What Happened to the Noble Enemies?

Frédérik SisaThe Recreational Nihilist

[img]7|left|||no_popup[/img]There’s a scene in Michael Mann’s seminal crime drama “Heat” in which Lt. Vince Hanna invites master criminal Neil McCauley to coffee. The scene is notable, of course, for being the first in which Al Pacino and Robert De Niro share screentime together. But in terms of the story, it marks a rather rare kind of encounter between enemies. Here they are sitting together, the cop and the thief, sharing personal life details they undoubtedly don’t share with their colleagues, achieving a sort of understanding and mutual respect despite the fact that their goals put them at potentially deadly odds with each other. In watching the two, there is the feeling that their opposition is not personal but professional, making the way in which they carry out their antagonism something rather noble. Yet the idea of noble enemies is not one we’ll find in Washington or in the vast sea of commentary that spills into it.
 
Consider the President. There is no shortage of issues on which to disagree – fairly. Free market advocates won’t like the idea of a public health care system, for example. They’re wrong, in my opinion, but it’s a fair disagreement and the discussion is all the better for accepting different viewpoints. Yet for all the legitimate disagreements to be had with President Obama, it’s very icky to see this obsession with his birth certificate. Suddenly, it’s not a noble antagonism – the idea of the “loyal opposition” – but one that’s geared towards sliming fundamental character. After all, we don’t need to even fake respect let alone have a mature discussion on Obama’s policy ideas if we can prove that Obama isn’t even American, an effort related to the rather disgusting smear that Obama is some sort of Muslim Manchurian candidate poised to destroy the country with some kind of socialism. This sort of nonsensical, insubstantial opposition to Obama has manifested itself most recently in the form of a bill requiring Presidential candidates to submit their birth certificate to the Federal Elections Commission, an idea that it itself might not be unreasonable had it been passed a century ago and independent of a fringe that gives tin foil hats a bad name. To get an idea of how truly sad this affair has become, we need look no further than U.S. Army Major Stefan Frederick Cook, the reserve soldier who refused to deploy to Afghanistan on account of his belief that Obama is not a U.S. citizen and therefore not eligible to serve as Commander-in-Chief.
 
Then there’s the Sotomayor confirmation, opponents of which have resorted to charges of racism and reverse discrimination in an attempt to discredit her. (Limbaugh, Gingrich, Buchanan, various GOP senators.) Really? Racist? The problem is that most of us are not lawyers – we don’t know the law in detail – and most of us have not taken the time to study Judge Sotomayor’s rulings. Furthermore, we did not try the cases. We did not listen to testimony, examine evidence, nor do any of the things needed to be able to fairly judge the case.
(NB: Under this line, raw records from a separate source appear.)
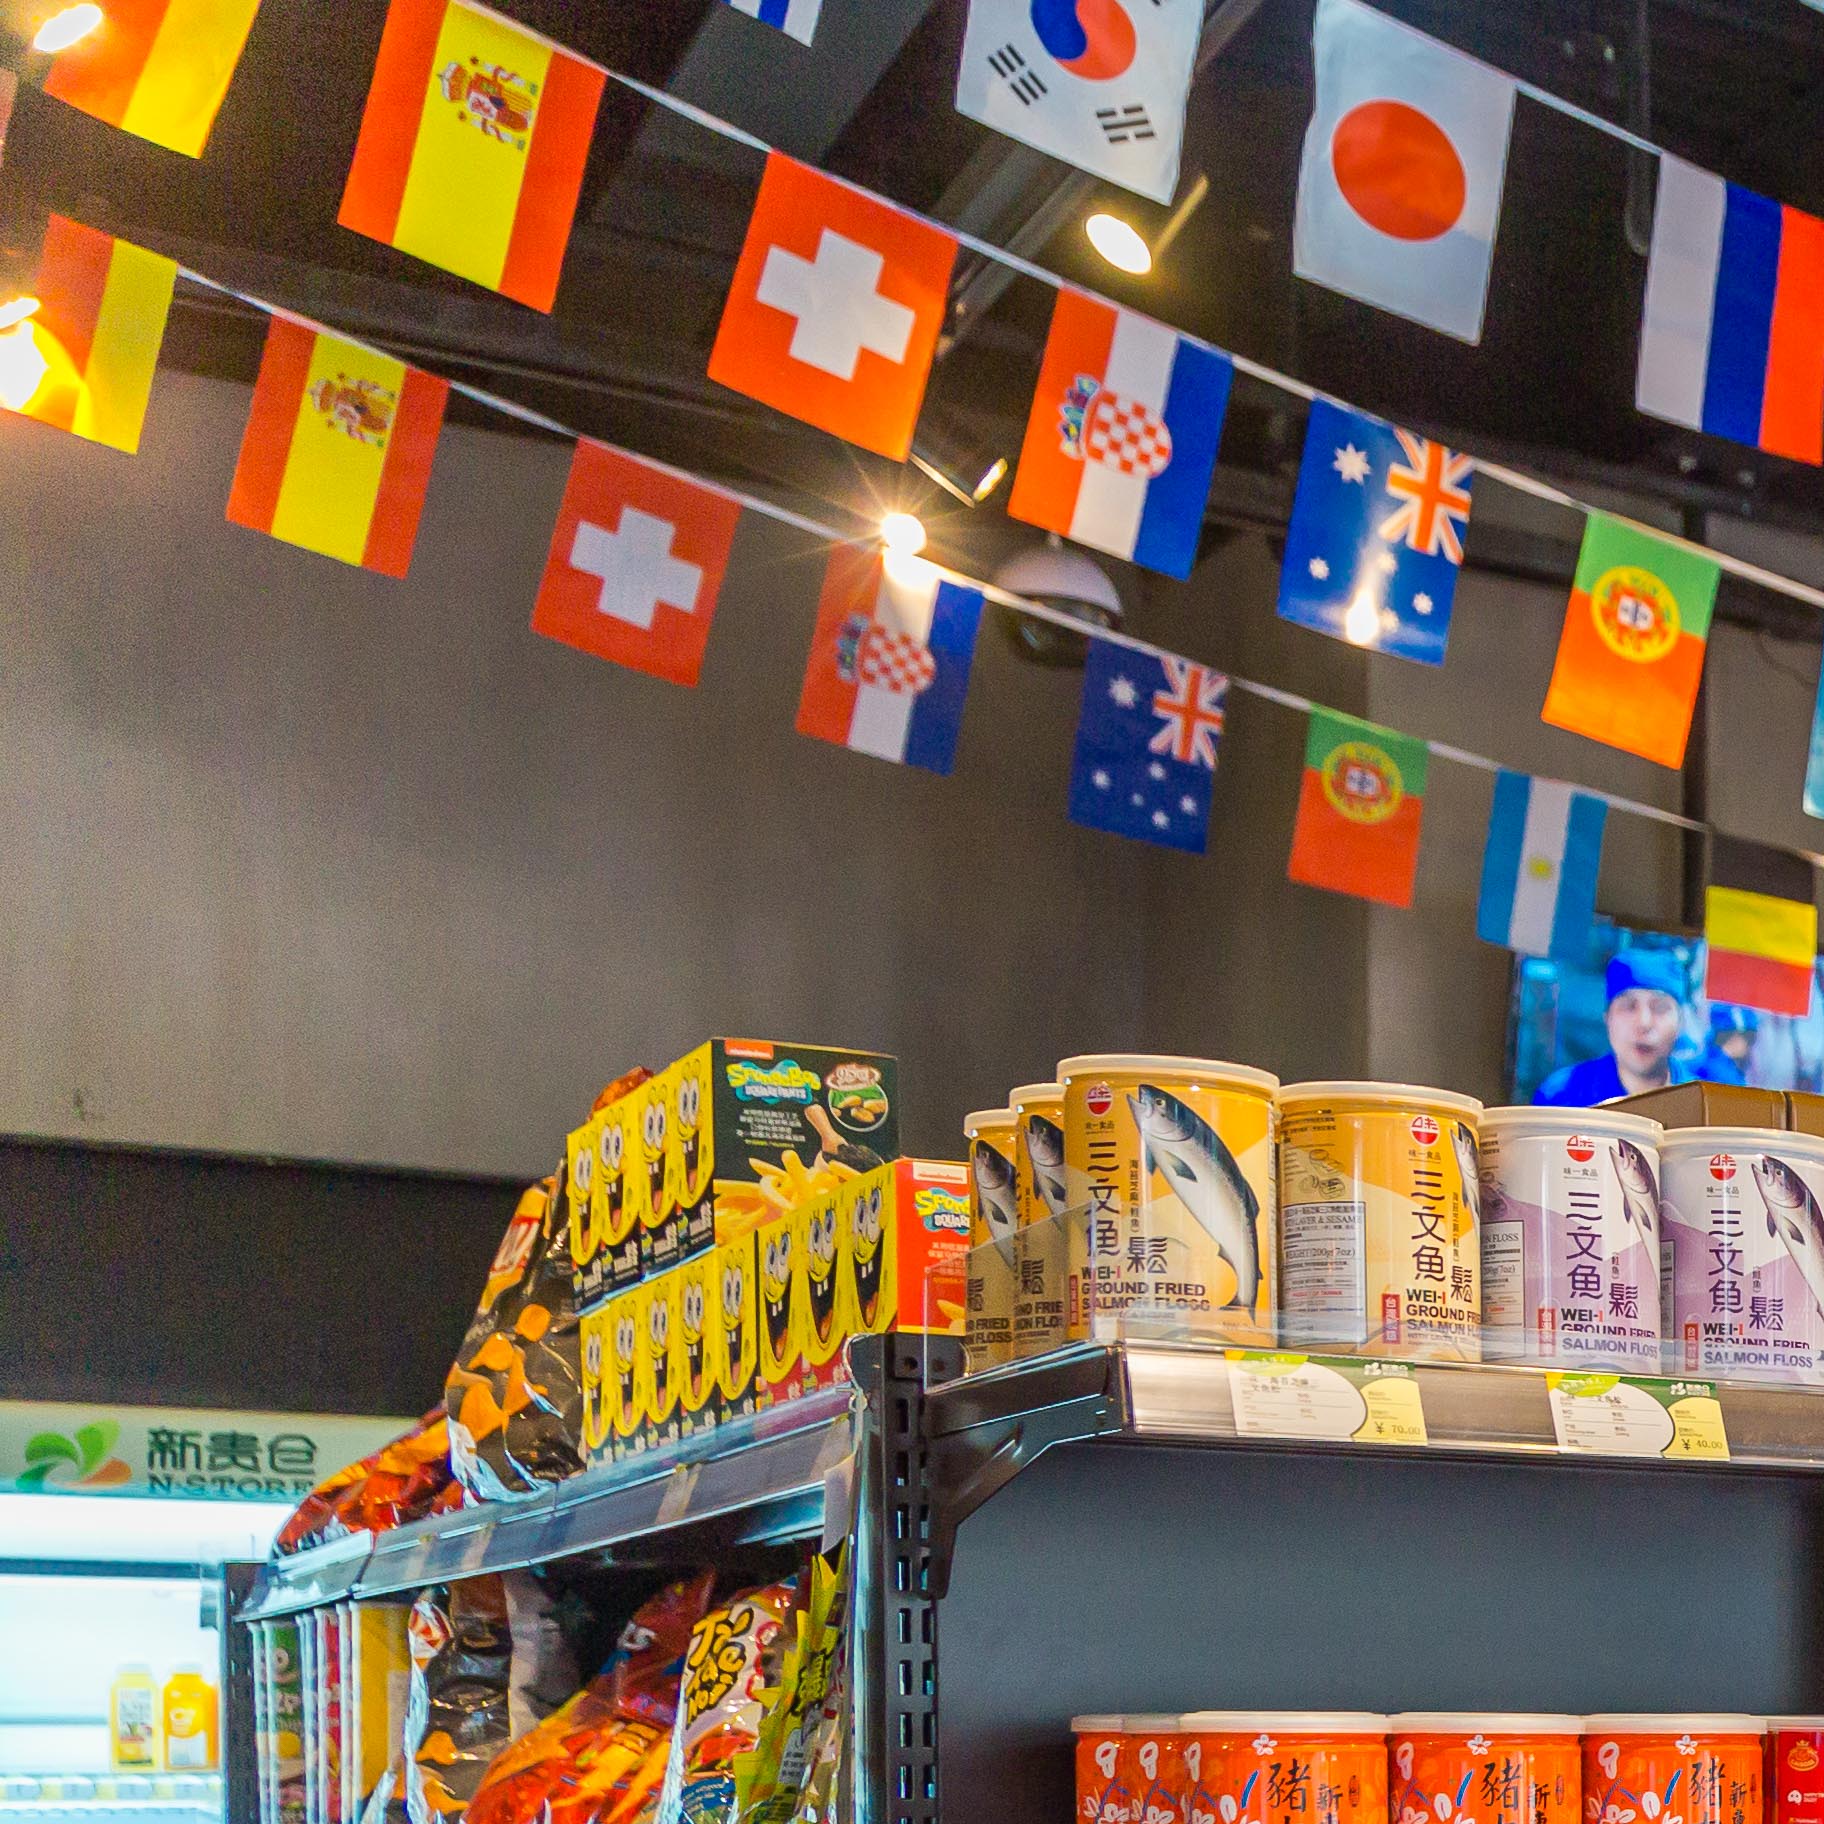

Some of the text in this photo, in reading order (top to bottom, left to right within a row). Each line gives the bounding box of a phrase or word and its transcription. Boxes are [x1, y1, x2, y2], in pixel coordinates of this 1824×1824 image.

[1411, 1169, 1446, 1282] 三文魚
[1566, 1191, 1603, 1300] 三文魚
[1708, 1209, 1744, 1315] 三文魚
[1082, 1282, 1206, 1296] GROUND FRIED
[1406, 1289, 1446, 1304] WEI-I
[1609, 1283, 1638, 1319] 鬆
[1406, 1305, 1465, 1319] GROUND
[1561, 1308, 1604, 1323] WEI-I
[1749, 1297, 1783, 1331] 鬆
[1703, 1322, 1744, 1336] WEI-I
[1562, 1337, 1627, 1354] SALMON
[1704, 1351, 1813, 1368] SALMON FLOSS
[148, 1426, 318, 1475] 新贵仓
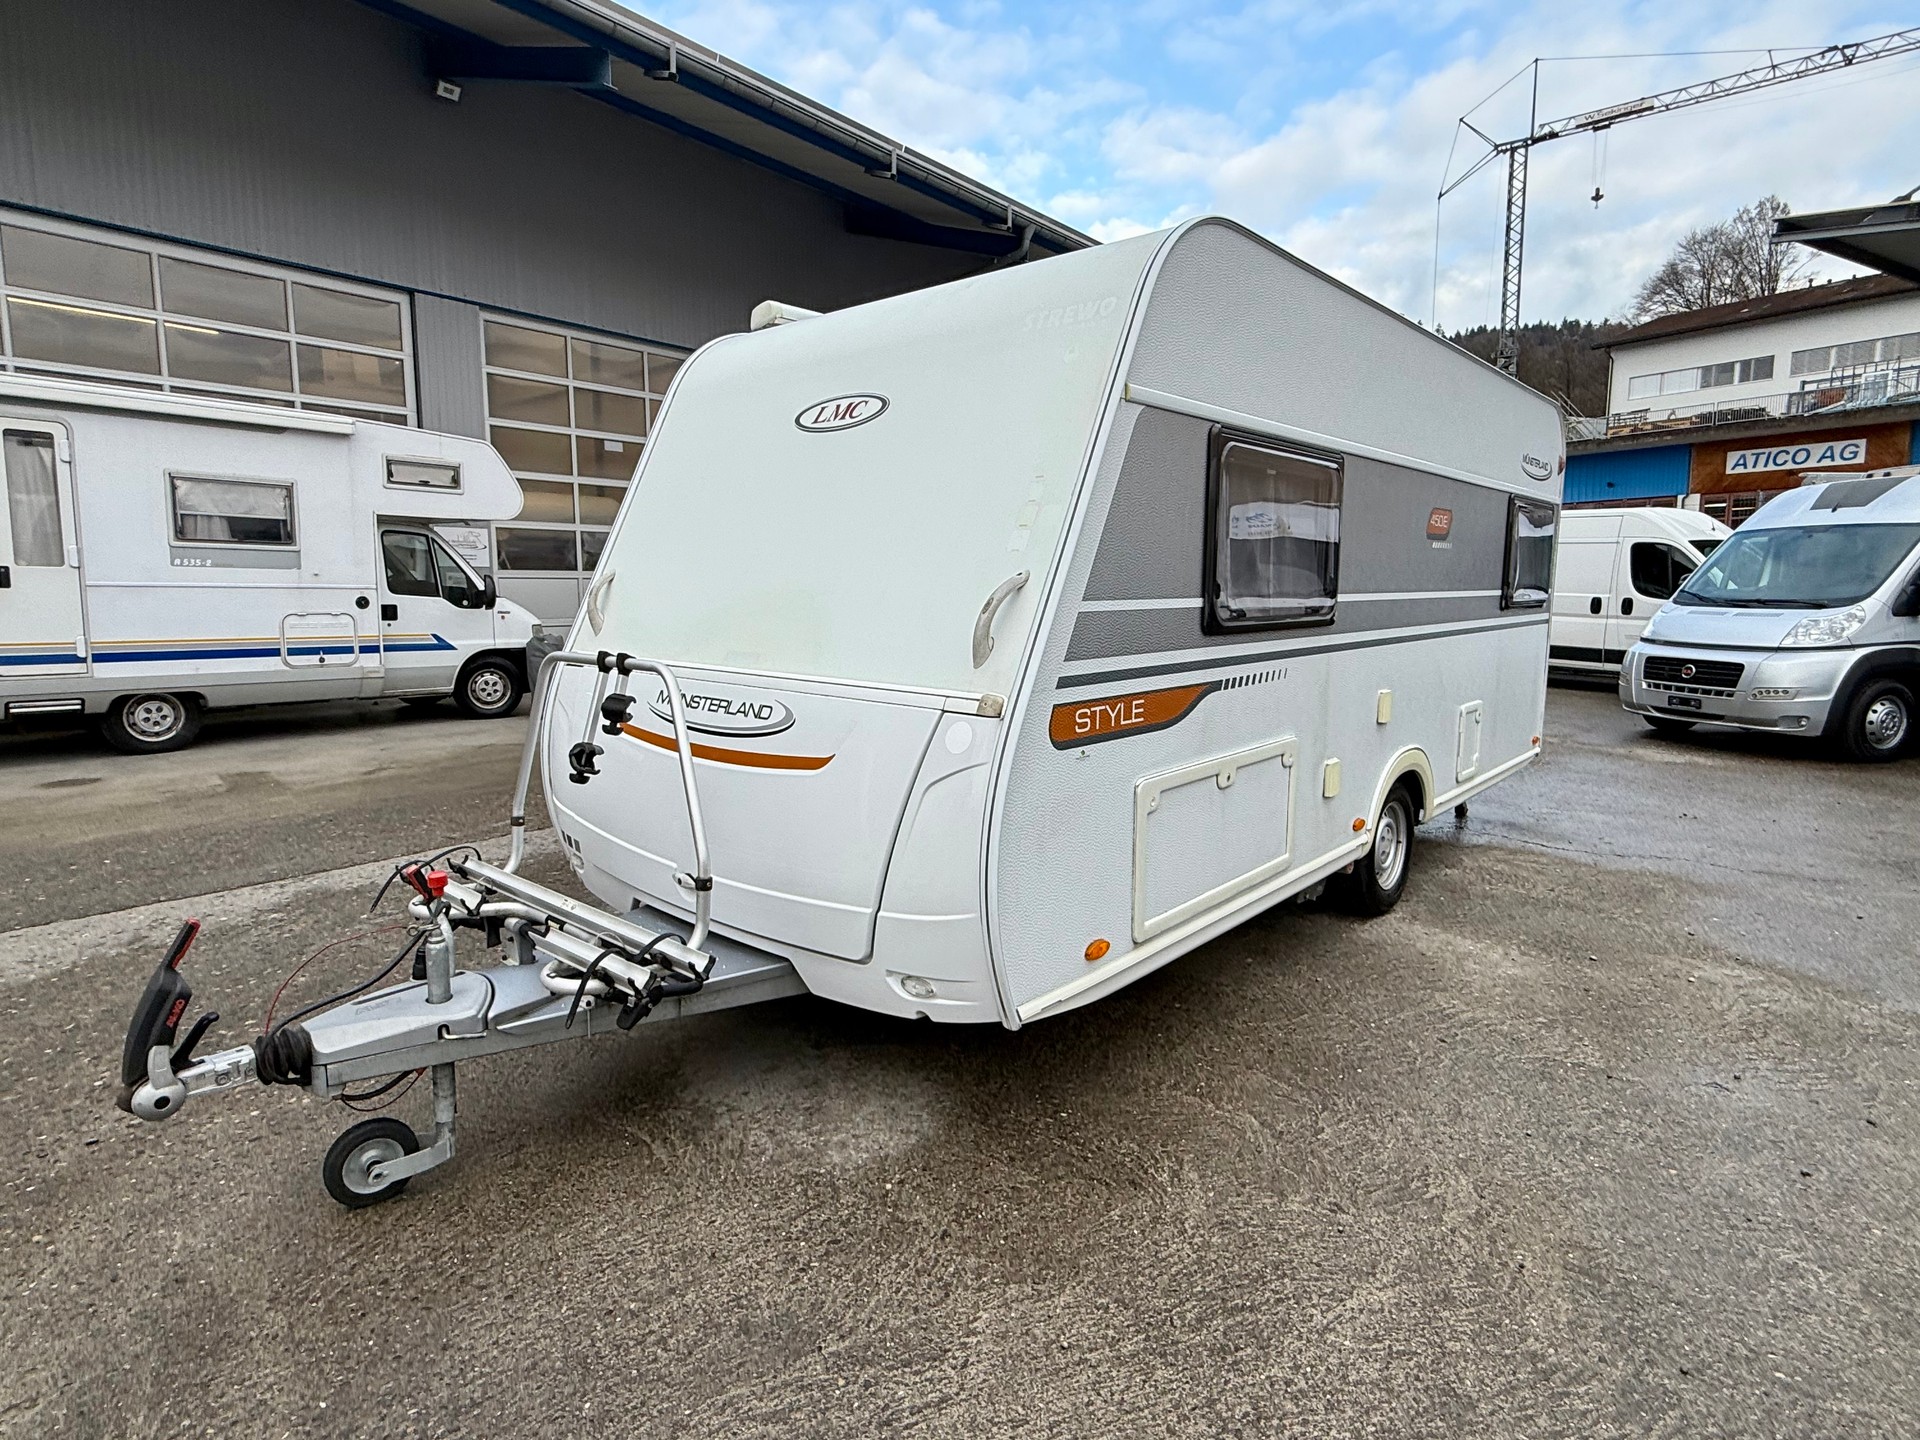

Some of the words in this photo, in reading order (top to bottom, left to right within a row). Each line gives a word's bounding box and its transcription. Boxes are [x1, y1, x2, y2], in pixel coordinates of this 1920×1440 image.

This means that we are in a difficult, disadvantaged position when it comes to evaluating Sotomayor’s suitability to serving as a Supreme Court Justice. Yet instead of trying to dig at her judicial record, instead of studying the empirical record of her judgments, the best opponents can manage is to attack her character as a racist based on flimsy comments that completely ignore the realities of not being white in America? Here is the grand spectacle of race in American writ large, and since this has been discussed elsewhere by more qualified sources, I will only ask this: if Sotomayor had been a white man, would she have been subjected to these accusations?
 
When It’s Not Enough to Win

 
Again, I’m not saying that it isn’t fair to question Sotomayor on her experience and judicial record, but that the opposition has gone from beyond reasonable to an outbreak of hives. Perhaps this is a reflection of a broader issue, a competitiveness that isn’t based on the value of winning, but sees the value of winning as stemming from someone else’s utter defeat. In other words, it’s not enough to win; the losers must be humiliated and destroyed. The legal system, for example, is based on an adversarial relationship between prosecutor and defense. As has been noted by critics of the legal system, most notably in a recent article in Skeptic magazine, this adversity has bubbled over into a prejudice that translates into assuming guilt instead of innocence. Defense attorneys get little to no glory; prosecutors get to puff out their chests with mantras of being tough on crime. We cheer folks who take down the criminals, but ignore the people who defend us from miscarriages of justice. In the end, we have set up a system of bad faith opposition between prosecutors and defenders.
 
And this bad faith has consequences. For example, this assumption of guilt may explain why the Powers That Be tend to resist investigations into potential Bush administration misconduct. Ironically, while it may be that those calling for investigations are overzealous in their conviction of assumed guilt, opponents feed into this by agreeing, in practice, that the mere existence of an investigation is proof of guilt in-and-of-itself. What we need instead is to view investigations as tools in sorting out the true from the false until a clear, honest picture emerges. In a sense, this notion of noble enemies – mutually respectful opponents – informs not only political discourse, but legal discourse as well. Call it the romance of the dialectic in which the noble opposition of thesis and anti-thesis isn’t about one or the other’s destruction, but the creation of a superior synthesis.